Thanks, @taylor13 and @AndersMS,

I, too, would favour A (_Using the scheme proposed above, requiring the data 
creator to set the computational_precision accordingly._).

I'm starting to think that the we need to be clear about `"decimal64"` (or 32, 
128, etc.). I'm fairly sure that we only want to specify a precision, rather 
than also insisting/implying that the user should use [decimal64 
floating-point](https://urldefense.us/v3/__https://en.wikipedia.org/wiki/Decimal64_floating-point_format__;!!G2kpM7uM-TzIFchu!lcE7w0fiRC1zhKFwOZuysOVeBDKIFjtHeow7J8Mk4RP8ARM0PsRnnarG_VyA20h1IKdMC3GQYJE$
 ) format numbers in their calculations.

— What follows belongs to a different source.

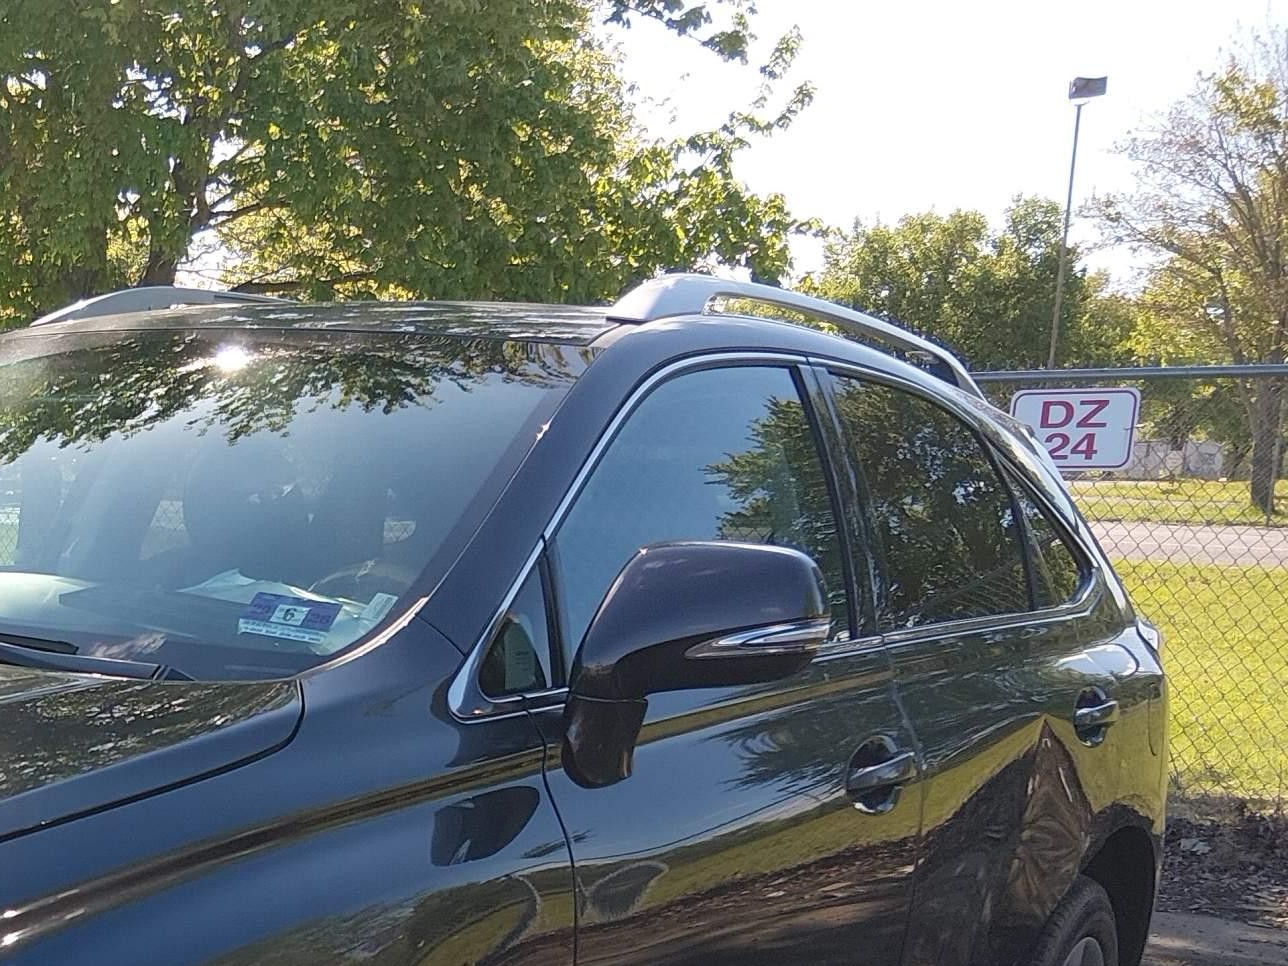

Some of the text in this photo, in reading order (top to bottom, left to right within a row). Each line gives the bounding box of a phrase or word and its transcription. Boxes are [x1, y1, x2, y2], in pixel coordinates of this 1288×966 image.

[1039, 400, 1110, 428] DZ
[1044, 432, 1098, 460] 24
[283, 608, 297, 621] 6

The same issue would arise with 
`"binary64"`, although I suspect that most code would use [double precision 
floating-point](https://urldefense.us/v3/__https://en.wikipedia.org/wiki/Double-precision_floating-point_format__;!!G2kpM7uM-TzIFchu!lcE7w0fiRC1zhKFwOZuysOVeBDKIFjtHeow7J8Mk4RP8ARM0PsRnnarG_VyA20h1IKdMB4D0jVg$
 ) by default.

Could the answer to be to define our own vocabulary of `"16"`, `"32",` `"64",` 
and `"128"`?

Or am I over complicating things?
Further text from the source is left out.